:: Input for this task ::

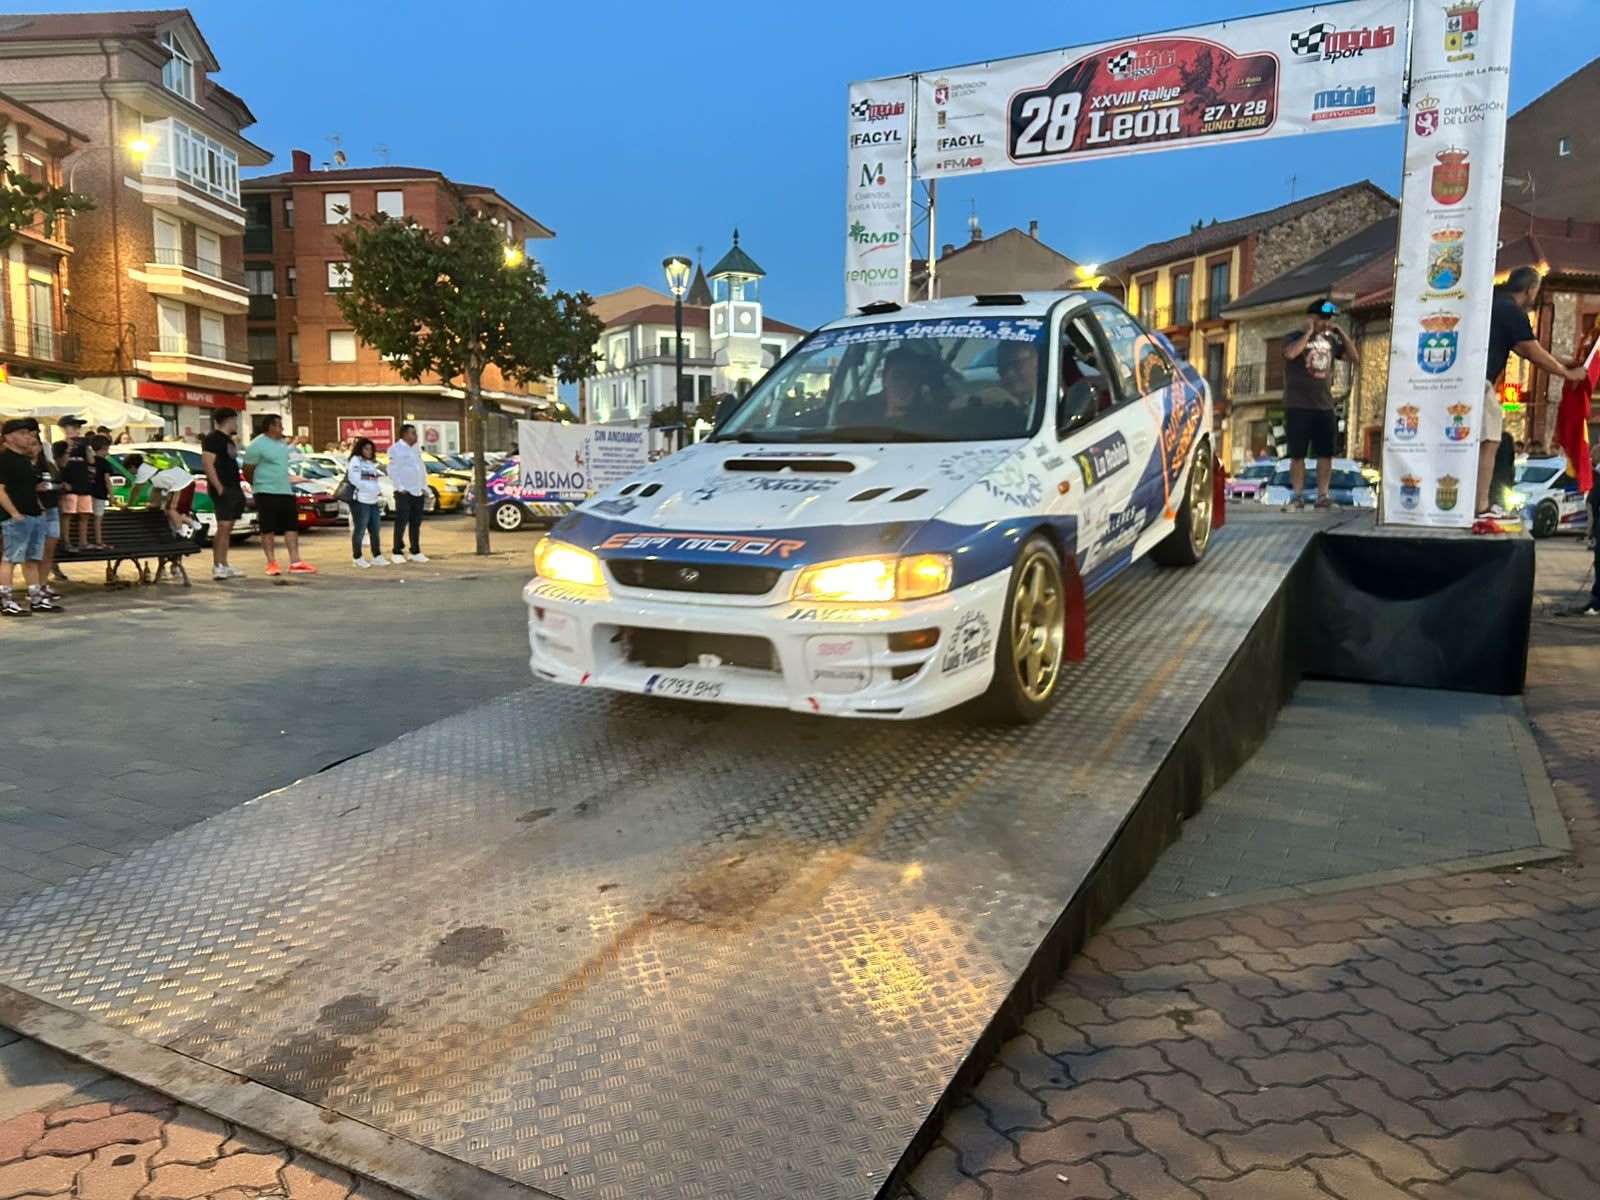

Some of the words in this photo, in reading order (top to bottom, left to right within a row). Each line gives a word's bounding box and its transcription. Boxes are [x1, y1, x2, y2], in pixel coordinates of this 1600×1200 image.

[1323, 47, 1364, 65] sport
[1090, 91, 1135, 109] XXVIII
[1138, 85, 1181, 102] Rallye
[1203, 105, 1227, 122] 27
[1230, 103, 1241, 119] Y
[1243, 100, 1268, 116] 28
[1314, 107, 1374, 120] SERVICIOS
[1443, 101, 1504, 116] DIPUTACIÓN
[1014, 91, 1083, 156] 28
[1086, 103, 1181, 144] León
[1201, 120, 1236, 133] JUNIO
[1443, 117, 1456, 125] DE
[1458, 114, 1486, 125] LEÓN
[855, 129, 902, 146] FACYL
[942, 133, 985, 149] FACYL
[859, 231, 900, 245] RMD
[846, 267, 899, 285] renova
[594, 430, 606, 441] SIN
[524, 470, 584, 489] ABISMO
[600, 533, 672, 550] ESPI
[673, 536, 807, 558] MOTOR

:: Task statement ::
Exclude the pictures and give back the rest of the data above exactly as written.

:: Output for this task ::
Some of the words in this photo, in reading order (top to bottom, left to right within a row). Each line gives a word's bounding box and its transcription. Boxes are [x1, y1, x2, y2], in pixel coordinates of this 1600×1200 image.

[1323, 47, 1364, 65] sport
[1090, 91, 1135, 109] XXVIII
[1138, 85, 1181, 102] Rallye
[1203, 105, 1227, 122] 27
[1230, 103, 1241, 119] Y
[1243, 100, 1268, 116] 28
[1314, 107, 1374, 120] SERVICIOS
[1443, 101, 1504, 116] DIPUTACIÓN
[1014, 91, 1083, 156] 28
[1086, 103, 1181, 144] León
[1201, 120, 1236, 133] JUNIO
[1443, 117, 1456, 125] DE
[1458, 114, 1486, 125] LEÓN
[855, 129, 902, 146] FACYL
[942, 133, 985, 149] FACYL
[859, 231, 900, 245] RMD
[846, 267, 899, 285] renova
[594, 430, 606, 441] SIN
[524, 470, 584, 489] ABISMO
[600, 533, 672, 550] ESPI
[673, 536, 807, 558] MOTOR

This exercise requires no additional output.